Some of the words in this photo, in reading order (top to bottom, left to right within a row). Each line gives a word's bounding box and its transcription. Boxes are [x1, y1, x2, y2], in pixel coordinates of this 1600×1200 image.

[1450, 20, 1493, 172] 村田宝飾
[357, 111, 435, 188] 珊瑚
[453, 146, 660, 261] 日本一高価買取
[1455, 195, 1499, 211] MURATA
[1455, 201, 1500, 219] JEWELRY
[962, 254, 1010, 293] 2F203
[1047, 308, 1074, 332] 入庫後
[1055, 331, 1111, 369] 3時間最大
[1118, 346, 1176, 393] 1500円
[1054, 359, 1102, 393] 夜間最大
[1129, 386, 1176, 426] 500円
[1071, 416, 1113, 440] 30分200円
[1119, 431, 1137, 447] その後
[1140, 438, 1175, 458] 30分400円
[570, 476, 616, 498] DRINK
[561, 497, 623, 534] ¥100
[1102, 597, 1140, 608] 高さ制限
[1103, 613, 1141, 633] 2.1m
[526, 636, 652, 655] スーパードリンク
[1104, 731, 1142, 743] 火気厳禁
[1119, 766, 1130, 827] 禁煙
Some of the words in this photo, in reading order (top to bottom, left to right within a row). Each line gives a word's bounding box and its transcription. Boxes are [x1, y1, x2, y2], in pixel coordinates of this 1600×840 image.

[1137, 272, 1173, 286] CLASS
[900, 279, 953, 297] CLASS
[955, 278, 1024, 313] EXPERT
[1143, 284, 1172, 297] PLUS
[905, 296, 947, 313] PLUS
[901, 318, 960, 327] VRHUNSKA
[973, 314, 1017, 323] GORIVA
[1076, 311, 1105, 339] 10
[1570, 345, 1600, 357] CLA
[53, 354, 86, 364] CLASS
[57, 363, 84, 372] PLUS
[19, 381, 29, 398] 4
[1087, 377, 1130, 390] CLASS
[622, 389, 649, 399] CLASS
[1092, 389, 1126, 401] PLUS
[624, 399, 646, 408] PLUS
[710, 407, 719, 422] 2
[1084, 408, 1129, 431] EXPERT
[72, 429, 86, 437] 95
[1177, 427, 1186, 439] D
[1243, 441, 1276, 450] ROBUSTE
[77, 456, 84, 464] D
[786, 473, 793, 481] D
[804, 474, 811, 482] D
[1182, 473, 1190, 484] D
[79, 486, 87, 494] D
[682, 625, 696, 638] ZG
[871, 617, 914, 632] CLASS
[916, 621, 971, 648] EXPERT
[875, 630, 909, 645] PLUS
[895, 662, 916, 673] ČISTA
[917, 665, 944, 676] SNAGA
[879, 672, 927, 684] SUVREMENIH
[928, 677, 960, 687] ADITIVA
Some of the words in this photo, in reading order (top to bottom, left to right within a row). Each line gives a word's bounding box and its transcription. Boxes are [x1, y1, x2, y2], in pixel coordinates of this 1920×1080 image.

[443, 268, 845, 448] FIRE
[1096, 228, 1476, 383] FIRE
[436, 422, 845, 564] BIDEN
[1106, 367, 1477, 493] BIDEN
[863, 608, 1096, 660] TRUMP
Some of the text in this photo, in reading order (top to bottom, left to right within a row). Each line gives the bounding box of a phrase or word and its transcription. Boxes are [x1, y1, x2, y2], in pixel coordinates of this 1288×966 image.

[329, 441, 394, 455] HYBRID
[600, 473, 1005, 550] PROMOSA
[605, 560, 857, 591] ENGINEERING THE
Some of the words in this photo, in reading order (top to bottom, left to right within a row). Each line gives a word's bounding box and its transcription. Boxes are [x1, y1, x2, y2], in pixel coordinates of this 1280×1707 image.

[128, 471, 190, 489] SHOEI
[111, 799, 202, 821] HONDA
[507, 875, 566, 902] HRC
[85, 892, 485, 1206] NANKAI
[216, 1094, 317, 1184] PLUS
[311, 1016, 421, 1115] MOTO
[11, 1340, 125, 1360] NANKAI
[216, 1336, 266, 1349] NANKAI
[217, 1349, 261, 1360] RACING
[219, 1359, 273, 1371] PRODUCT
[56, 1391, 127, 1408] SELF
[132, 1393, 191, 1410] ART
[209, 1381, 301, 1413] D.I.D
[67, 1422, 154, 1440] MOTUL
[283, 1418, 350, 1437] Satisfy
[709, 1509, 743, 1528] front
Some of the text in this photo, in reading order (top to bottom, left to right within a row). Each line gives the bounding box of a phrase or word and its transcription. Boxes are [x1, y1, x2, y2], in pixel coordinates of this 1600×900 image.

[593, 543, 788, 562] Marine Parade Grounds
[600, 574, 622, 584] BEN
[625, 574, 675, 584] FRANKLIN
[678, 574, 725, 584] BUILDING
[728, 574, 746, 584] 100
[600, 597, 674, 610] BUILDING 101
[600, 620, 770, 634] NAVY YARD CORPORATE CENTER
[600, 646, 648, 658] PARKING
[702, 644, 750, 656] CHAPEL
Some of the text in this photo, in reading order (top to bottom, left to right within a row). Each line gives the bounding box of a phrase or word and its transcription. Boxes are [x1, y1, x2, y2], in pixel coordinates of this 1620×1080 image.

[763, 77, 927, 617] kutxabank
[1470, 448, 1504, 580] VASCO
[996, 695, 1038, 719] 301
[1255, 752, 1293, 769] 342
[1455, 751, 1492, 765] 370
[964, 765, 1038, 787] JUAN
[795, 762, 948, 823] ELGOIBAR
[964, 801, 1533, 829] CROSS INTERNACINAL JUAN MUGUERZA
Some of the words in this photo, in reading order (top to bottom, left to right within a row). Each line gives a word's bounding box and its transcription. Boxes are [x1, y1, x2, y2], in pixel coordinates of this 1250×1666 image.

++++++++++++++++++++

:: Task objective ::
Repeat all of the material, exactly as it reads.

:: Solution to this exercise ::
Some of the words in this photo, in reading order (top to bottom, left to right within a row). Each line gives a word's bounding box and its transcription. Boxes are [x1, y1, x2, y2], in pixel coordinates of this 1600×1200 image.

[1450, 20, 1493, 172] 村田宝飾
[357, 111, 435, 188] 珊瑚
[453, 146, 660, 261] 日本一高価買取
[1455, 195, 1499, 211] MURATA
[1455, 201, 1500, 219] JEWELRY
[962, 254, 1010, 293] 2F203
[1047, 308, 1074, 332] 入庫後
[1055, 331, 1111, 369] 3時間最大
[1118, 346, 1176, 393] 1500円
[1054, 359, 1102, 393] 夜間最大
[1129, 386, 1176, 426] 500円
[1071, 416, 1113, 440] 30分200円
[1119, 431, 1137, 447] その後
[1140, 438, 1175, 458] 30分400円
[570, 476, 616, 498] DRINK
[561, 497, 623, 534] ¥100
[1102, 597, 1140, 608] 高さ制限
[1103, 613, 1141, 633] 2.1m
[526, 636, 652, 655] スーパードリンク
[1104, 731, 1142, 743] 火気厳禁
[1119, 766, 1130, 827] 禁煙
Some of the words in this photo, in reading order (top to bottom, left to right within a row). Each line gives a word's bounding box and its transcription. Boxes are [x1, y1, x2, y2], in pixel coordinates of this 1600×840 image.

[1137, 272, 1173, 286] CLASS
[900, 279, 953, 297] CLASS
[955, 278, 1024, 313] EXPERT
[1143, 284, 1172, 297] PLUS
[905, 296, 947, 313] PLUS
[901, 318, 960, 327] VRHUNSKA
[973, 314, 1017, 323] GORIVA
[1076, 311, 1105, 339] 10
[1570, 345, 1600, 357] CLA
[53, 354, 86, 364] CLASS
[57, 363, 84, 372] PLUS
[19, 381, 29, 398] 4
[1087, 377, 1130, 390] CLASS
[622, 389, 649, 399] CLASS
[1092, 389, 1126, 401] PLUS
[624, 399, 646, 408] PLUS
[710, 407, 719, 422] 2
[1084, 408, 1129, 431] EXPERT
[72, 429, 86, 437] 95
[1177, 427, 1186, 439] D
[1243, 441, 1276, 450] ROBUSTE
[77, 456, 84, 464] D
[786, 473, 793, 481] D
[804, 474, 811, 482] D
[1182, 473, 1190, 484] D
[79, 486, 87, 494] D
[682, 625, 696, 638] ZG
[871, 617, 914, 632] CLASS
[916, 621, 971, 648] EXPERT
[875, 630, 909, 645] PLUS
[895, 662, 916, 673] ČISTA
[917, 665, 944, 676] SNAGA
[879, 672, 927, 684] SUVREMENIH
[928, 677, 960, 687] ADITIVA
Some of the words in this photo, in reading order (top to bottom, left to right within a row). Each line gives a word's bounding box and its transcription. Boxes are [x1, y1, x2, y2], in pixel coordinates of this 1920×1080 image.

[443, 268, 845, 448] FIRE
[1096, 228, 1476, 383] FIRE
[436, 422, 845, 564] BIDEN
[1106, 367, 1477, 493] BIDEN
[863, 608, 1096, 660] TRUMP
Some of the text in this photo, in reading order (top to bottom, left to right within a row). Each line gives the bounding box of a phrase or word and its transcription. Boxes are [x1, y1, x2, y2], in pixel coordinates of this 1288×966 image.

[329, 441, 394, 455] HYBRID
[600, 473, 1005, 550] PROMOSA
[605, 560, 857, 591] ENGINEERING THE
Some of the words in this photo, in reading order (top to bottom, left to right within a row). Each line gives a word's bounding box and its transcription. Boxes are [x1, y1, x2, y2], in pixel coordinates of this 1280×1707 image.

[128, 471, 190, 489] SHOEI
[111, 799, 202, 821] HONDA
[507, 875, 566, 902] HRC
[85, 892, 485, 1206] NANKAI
[216, 1094, 317, 1184] PLUS
[311, 1016, 421, 1115] MOTO
[11, 1340, 125, 1360] NANKAI
[216, 1336, 266, 1349] NANKAI
[217, 1349, 261, 1360] RACING
[219, 1359, 273, 1371] PRODUCT
[56, 1391, 127, 1408] SELF
[132, 1393, 191, 1410] ART
[209, 1381, 301, 1413] D.I.D
[67, 1422, 154, 1440] MOTUL
[283, 1418, 350, 1437] Satisfy
[709, 1509, 743, 1528] front
Some of the text in this photo, in reading order (top to bottom, left to right within a row). Each line gives the bounding box of a phrase or word and its transcription. Boxes are [x1, y1, x2, y2], in pixel coordinates of this 1600×900 image.

[593, 543, 788, 562] Marine Parade Grounds
[600, 574, 622, 584] BEN
[625, 574, 675, 584] FRANKLIN
[678, 574, 725, 584] BUILDING
[728, 574, 746, 584] 100
[600, 597, 674, 610] BUILDING 101
[600, 620, 770, 634] NAVY YARD CORPORATE CENTER
[600, 646, 648, 658] PARKING
[702, 644, 750, 656] CHAPEL
Some of the text in this photo, in reading order (top to bottom, left to right within a row). Each line gives the bounding box of a phrase or word and its transcription. Boxes are [x1, y1, x2, y2], in pixel coordinates of this 1620×1080 image.

[763, 77, 927, 617] kutxabank
[1470, 448, 1504, 580] VASCO
[996, 695, 1038, 719] 301
[1255, 752, 1293, 769] 342
[1455, 751, 1492, 765] 370
[964, 765, 1038, 787] JUAN
[795, 762, 948, 823] ELGOIBAR
[964, 801, 1533, 829] CROSS INTERNACINAL JUAN MUGUERZA
Some of the words in this photo, in reading order (top to bottom, left to right within a row). Each line gives a word's bounding box and its transcription. Boxes are [x1, y1, x2, y2], in pixel coordinates of this 1250×1666 image.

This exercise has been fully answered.